■ SUPPLIED RECORDS
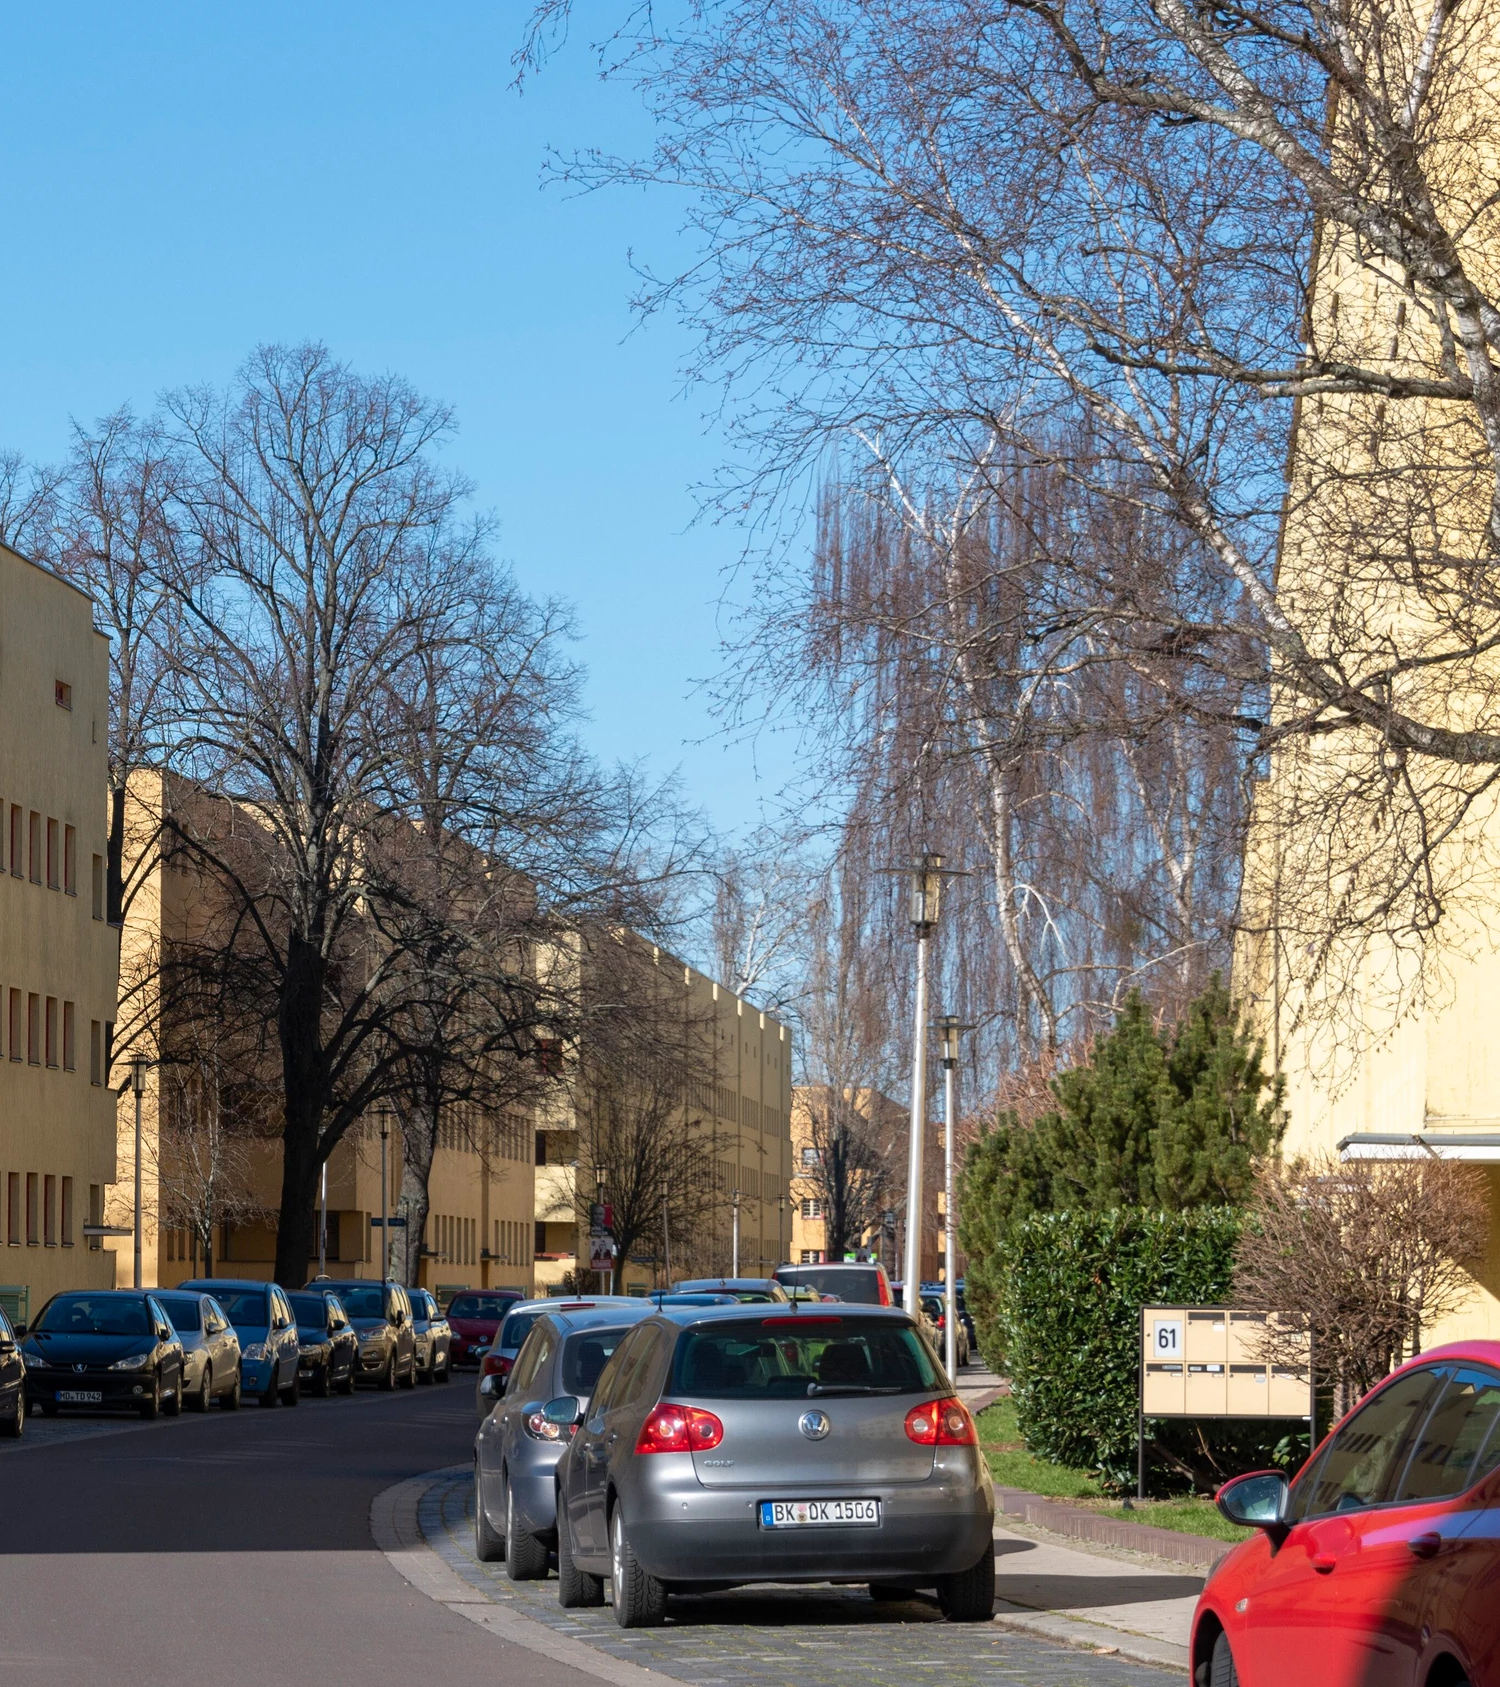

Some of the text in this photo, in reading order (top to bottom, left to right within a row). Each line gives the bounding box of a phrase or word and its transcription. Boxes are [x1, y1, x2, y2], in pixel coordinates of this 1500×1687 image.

[1158, 1328, 1176, 1348] 61
[703, 1460, 734, 1468] GOLF
[774, 1504, 795, 1521] BK
[834, 1502, 875, 1520] 1506
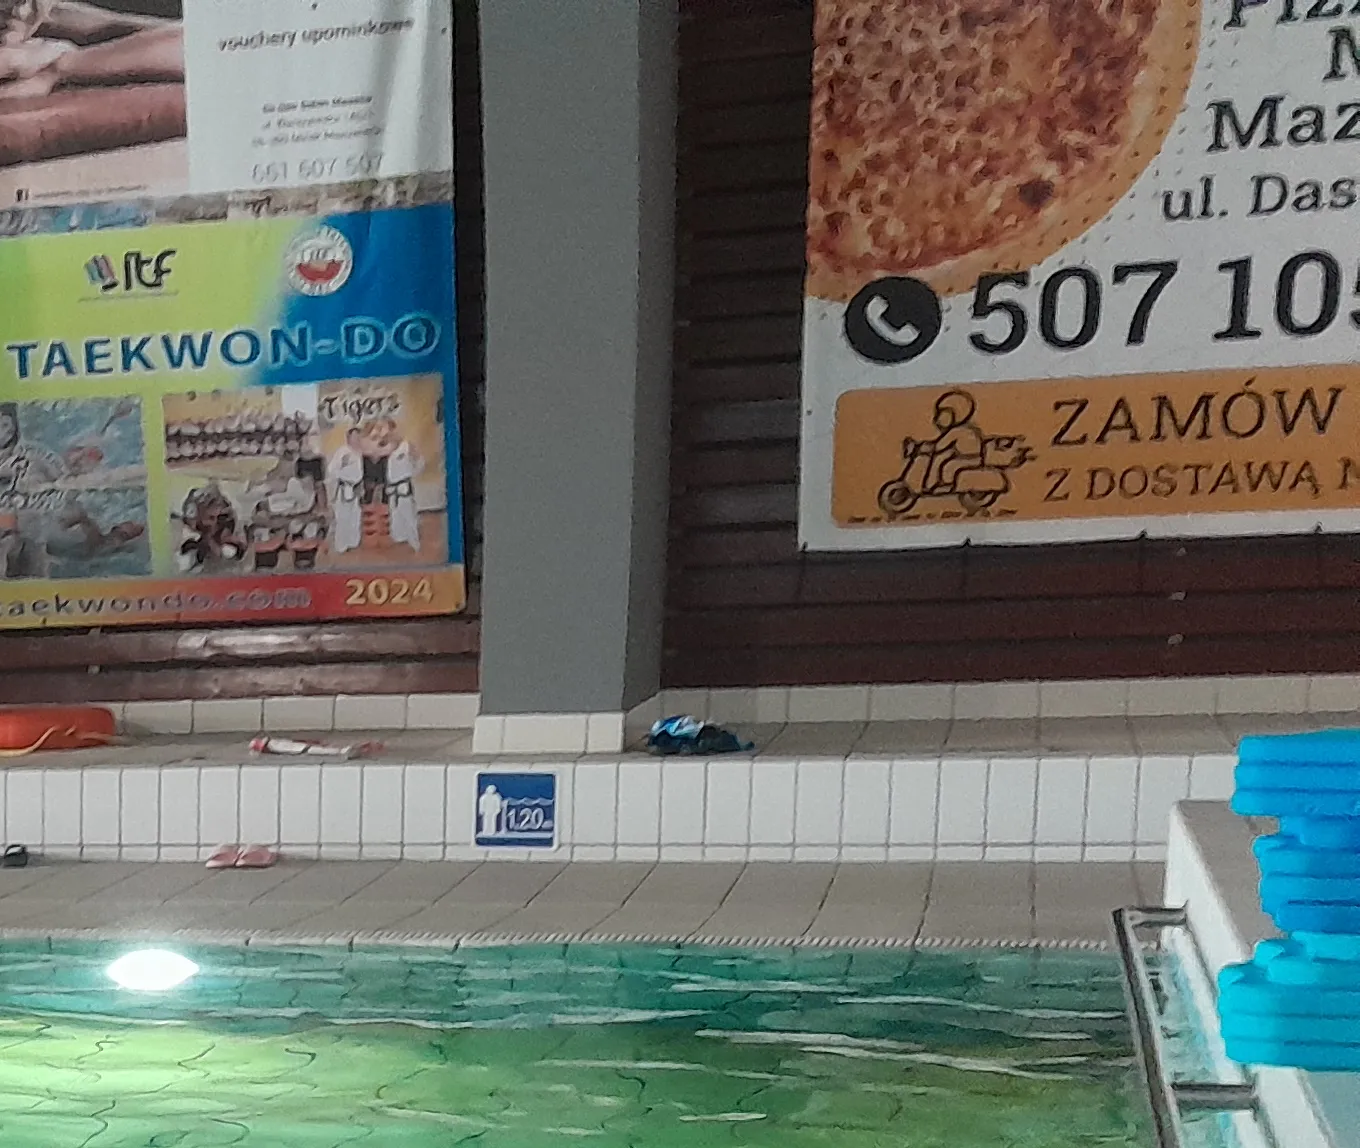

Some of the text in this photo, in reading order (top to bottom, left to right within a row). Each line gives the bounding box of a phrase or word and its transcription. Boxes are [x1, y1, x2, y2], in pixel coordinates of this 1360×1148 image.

[218, 29, 297, 51] vouchery
[1161, 174, 1229, 222] ul.
[969, 261, 1179, 355] 507
[6, 314, 440, 381] TAEKWON-DO
[1051, 377, 1346, 447] ZAMÓW
[1044, 467, 1072, 502] Z
[1085, 459, 1322, 501] DOSTAWĄ
[344, 578, 434, 606] 2024

■ WHAT THE TASK REQUIRES
Transcribe the data verbatim. No picture belongs in the result.

■ ANSWER FOR THIS EXERCISE
Some of the text in this photo, in reading order (top to bottom, left to right within a row). Each line gives the bounding box of a phrase or word and its transcription. Boxes are [x1, y1, x2, y2], in pixel coordinates of this 1500×1687 image.

[1158, 1328, 1176, 1348] 61
[703, 1460, 734, 1468] GOLF
[774, 1504, 795, 1521] BK
[834, 1502, 875, 1520] 1506

Some of the text in this photo, in reading order (top to bottom, left to right within a row). Each line gives the bounding box of a phrase or word and its transcription. Boxes are [x1, y1, x2, y2], in pixel coordinates of this 1360×1148 image.

[218, 29, 297, 51] vouchery
[1161, 174, 1229, 222] ul.
[969, 261, 1179, 355] 507
[6, 314, 440, 381] TAEKWON-DO
[1051, 377, 1346, 447] ZAMÓW
[1044, 467, 1072, 502] Z
[1085, 459, 1322, 501] DOSTAWĄ
[344, 578, 434, 606] 2024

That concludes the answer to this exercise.